Jean went away, and that evening after the hour of evening prayer she saw a gathering of men squatting with the headman in front of his house; they were all old men, because there were very few young ones in Kuala Telang at that time, and young ones probably would not have been admitted to the conference in any case. Later that evening Mat Amin came to the godown and asked for Mem Paget; Jean came out to him, carrying the baby. She stood talking to him in the light of a small oil lamp.
“We have discussed this matter that we talked about,” he said. “It is a strange thing, that white mems should work in our rice-fields, and some of my brothers are afraid that the white Tuans will not understand when they come back, and that they will be angry, saying we have made you work for us against your will.”
Jean said, “We will give you a letter now, that you can show them if they should say that.”

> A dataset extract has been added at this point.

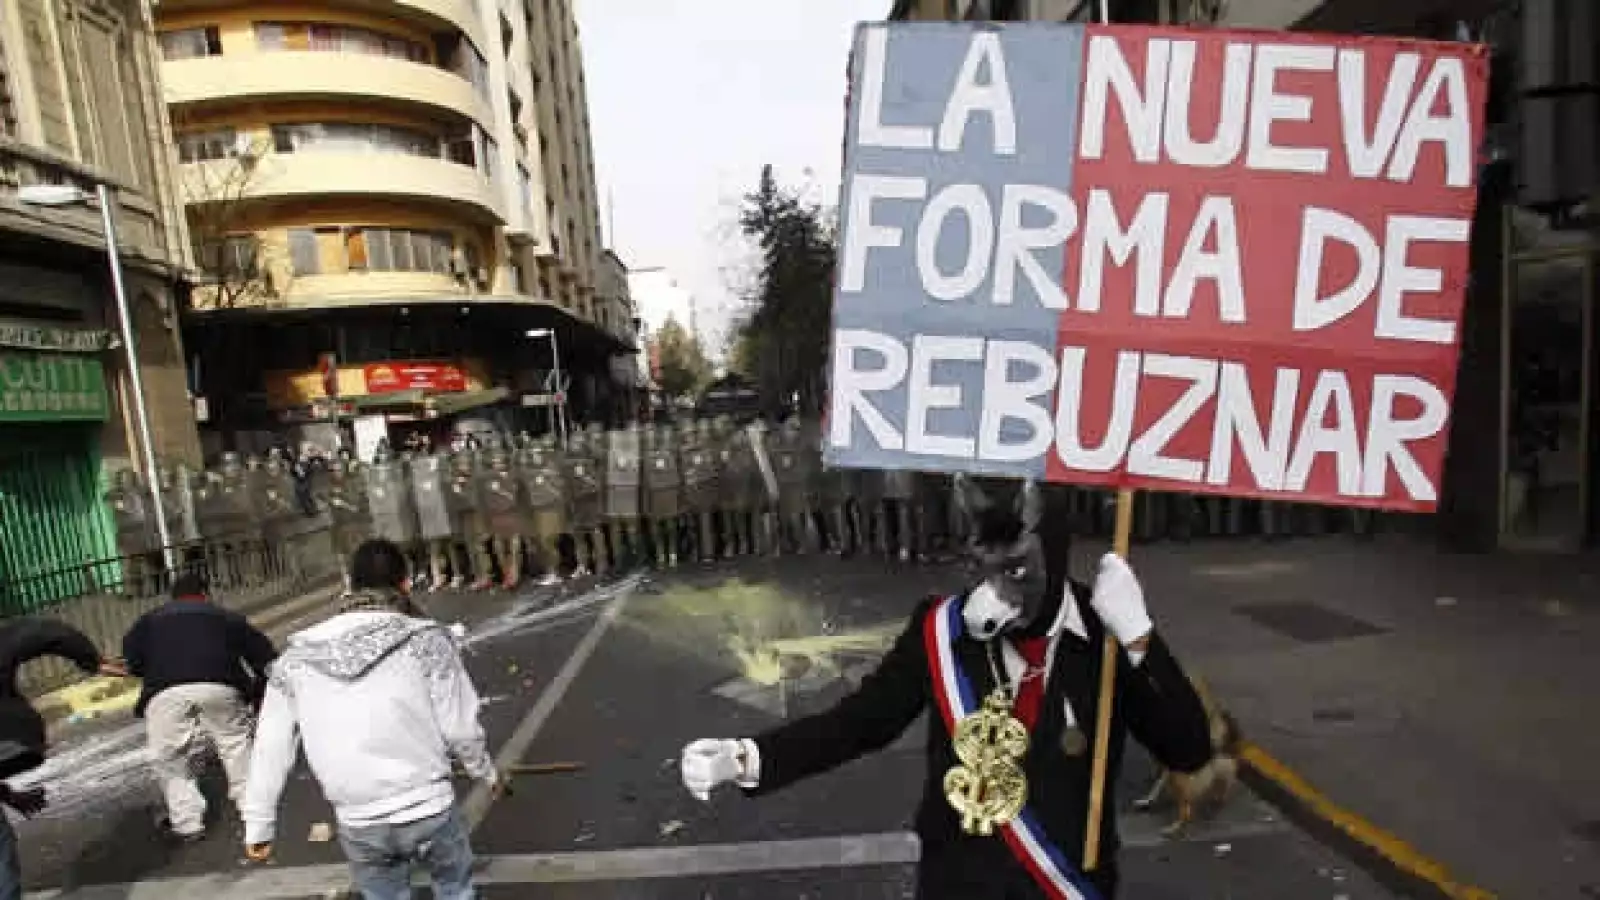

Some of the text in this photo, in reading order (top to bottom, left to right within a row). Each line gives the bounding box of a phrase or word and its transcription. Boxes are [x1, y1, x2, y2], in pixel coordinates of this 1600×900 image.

[858, 28, 1473, 186] LA NUEVA
[841, 175, 1470, 344] FORMA DE
[829, 328, 1449, 501] REBUZNAR

He shook his head. “It is not necessary. It is sufficient if you tell the Tuans when they come back that this thing was done because you wished it so.”

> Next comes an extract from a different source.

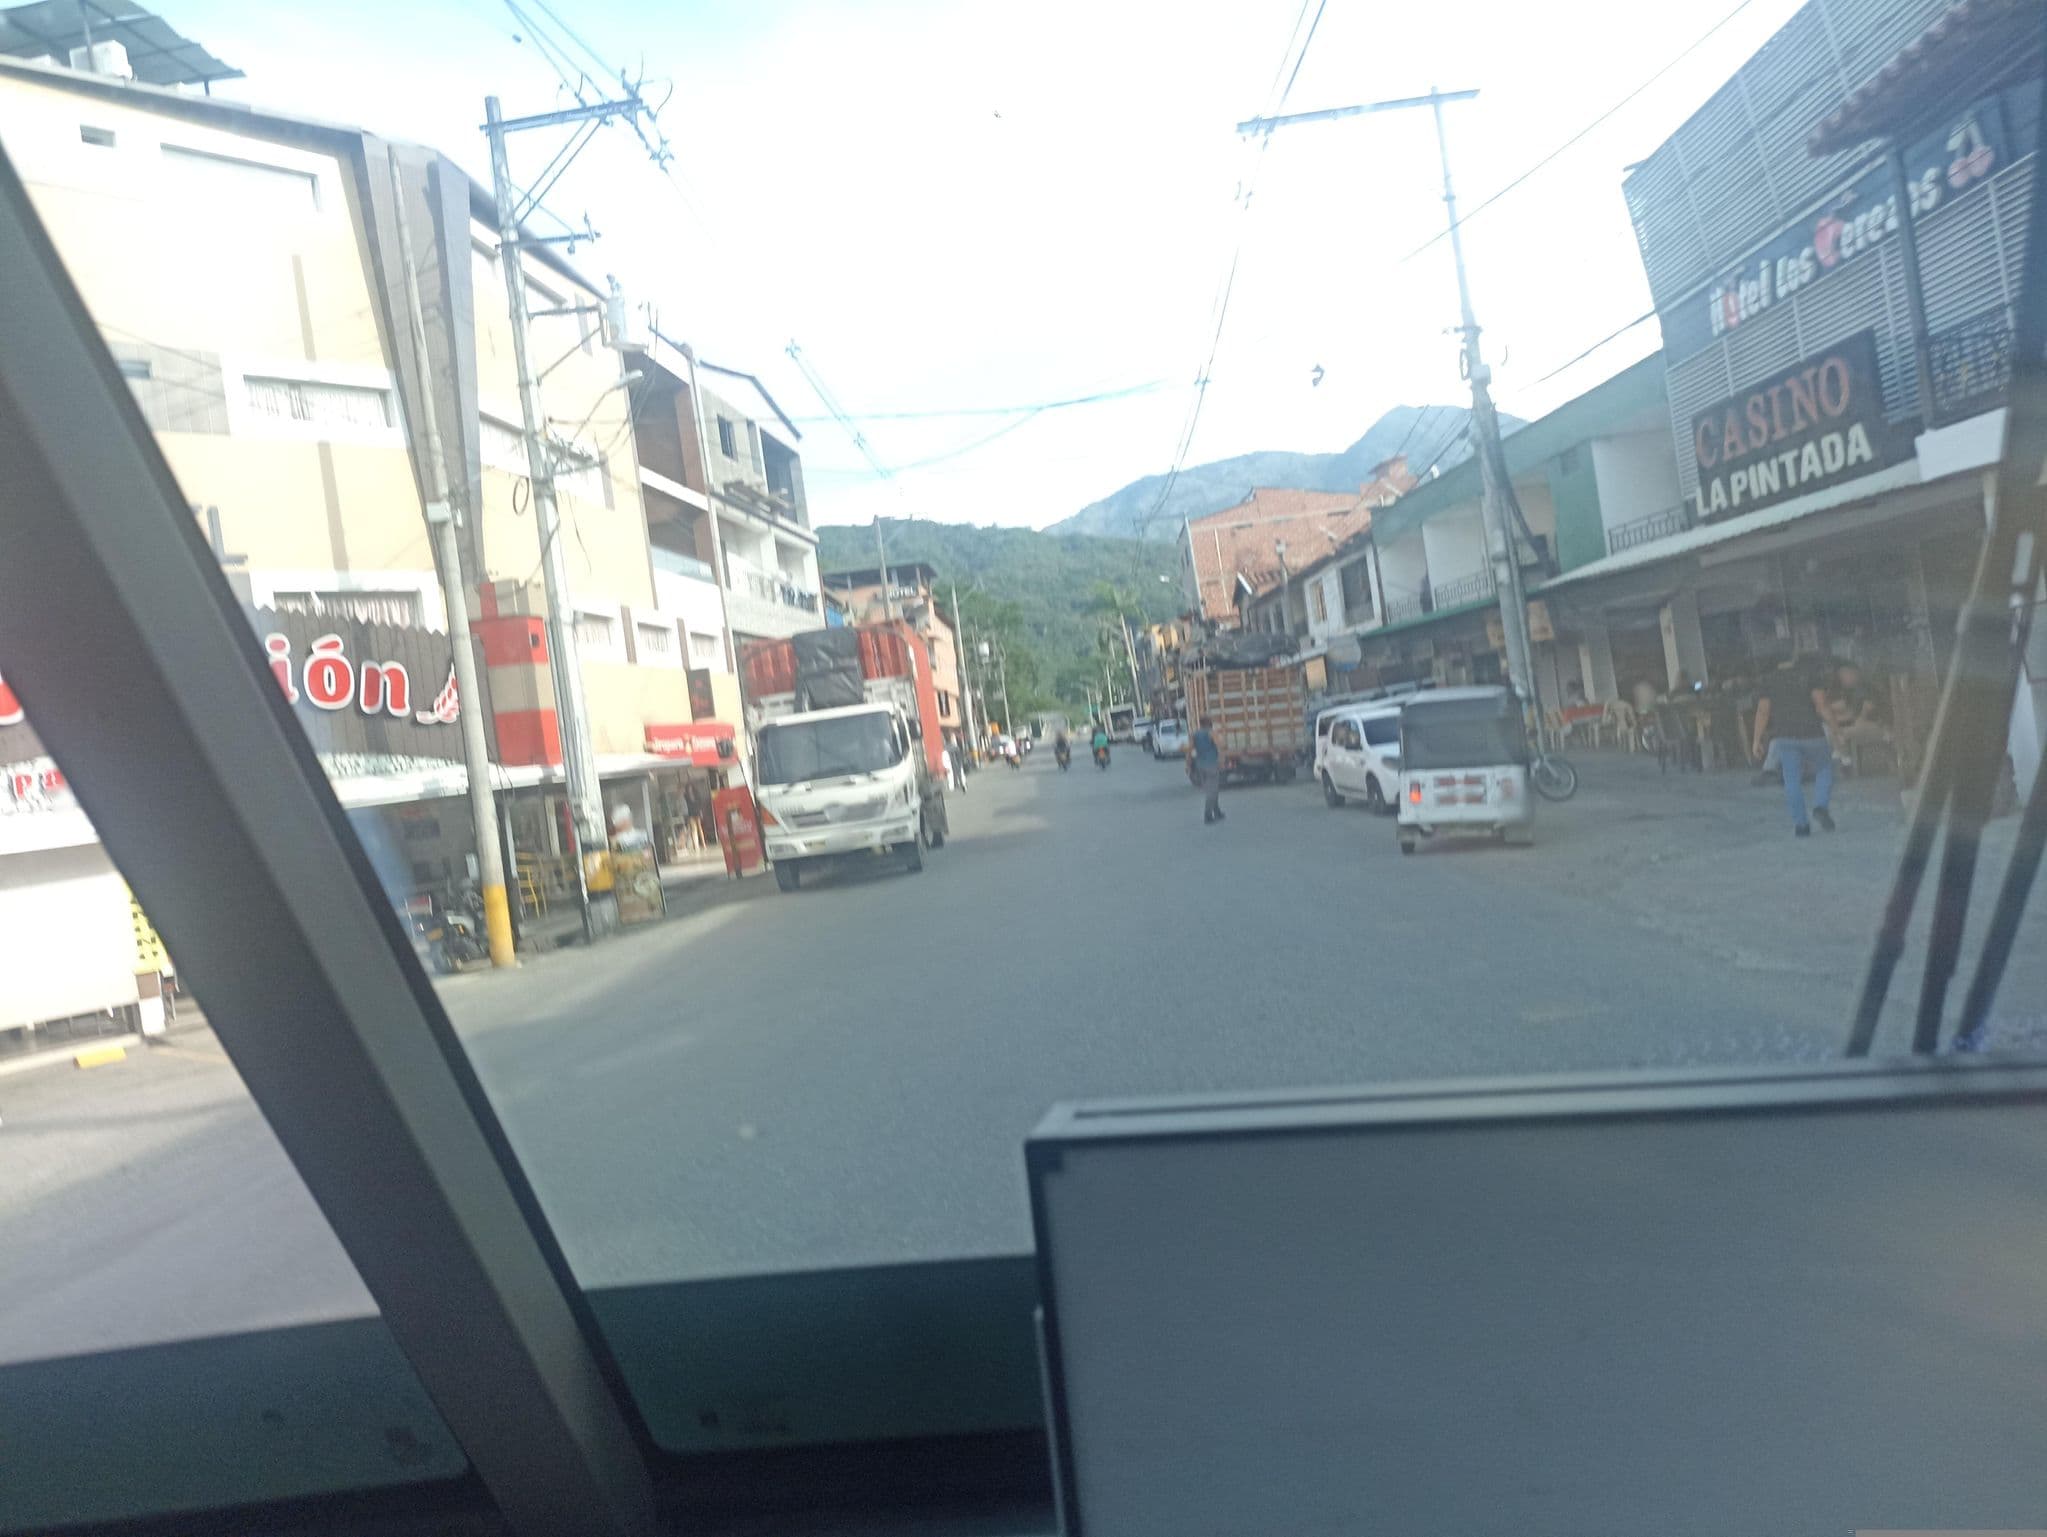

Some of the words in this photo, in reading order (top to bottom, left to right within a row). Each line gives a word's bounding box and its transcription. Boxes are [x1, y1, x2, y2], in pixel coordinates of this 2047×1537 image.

[1695, 357, 1850, 468] CASINO
[1695, 476, 1728, 517] LA
[1730, 422, 1873, 507] PINTADA

She said, “That we will do.”
They went to work next day. There were six married women in the party at that time, and Jean, and ten children including Jean’s baby. The headman took them out to the fields with two Malay girls, Fatimah binti Darus and Raihana binti Hassan. He gave them seven small fields covered in weeds to start upon, an area that was easily within their power to manage. There was a roofed platform near-by in the fields for resting in the shade; they left the youngest children here and went to work.
The seven women were all fairly robust; the journey had eliminated the ones who would have been unable to stand agricultural work. Those who were left were women of determination and grit, with high morale and a good sense of humour. As soon as they became accustomed to the novelty of working ankle-deep in mud and water they did not find the work exacting, and presently as they became accustomed to it they were seized with an ambition to show the village that white mems could do as much work as Malay women, or more.
Paddy is grown in little fields
surrounded by a low wall of earth, so that water from a stream can be led into the field at will to turn it into a shallow pool. When the water is let out again the earth bottom is soft mud, and weeds can be pulled out by hand and the ground hoed and prepared for the seedlings. The seedlings are raised by scattering the rice in a similar nursery field, and they are then transplanted in rows into the muddy field. The field is then flooded again for a few days while the seedlings stand with their heads above the water in the hot sun, and the water is let out again for a few days to let the sun get to the roots. With alternating flood and dry in that hot climate the plants grow very quickly to about the height of wheat, with feathery ears of rice on top of the stalks. The rice is harvested by cutting off the ears with a little knife, leaving the straw standing, and is taken in sacks to the village to be winnowed. Water buffaloes are then turned in to eat the straw and fertilise the ground and tramp it all about, and the ground is ready for sowing again to repeat the cycle. Two crops a year are normally got from the rice-fields, and there is no rotation of crop.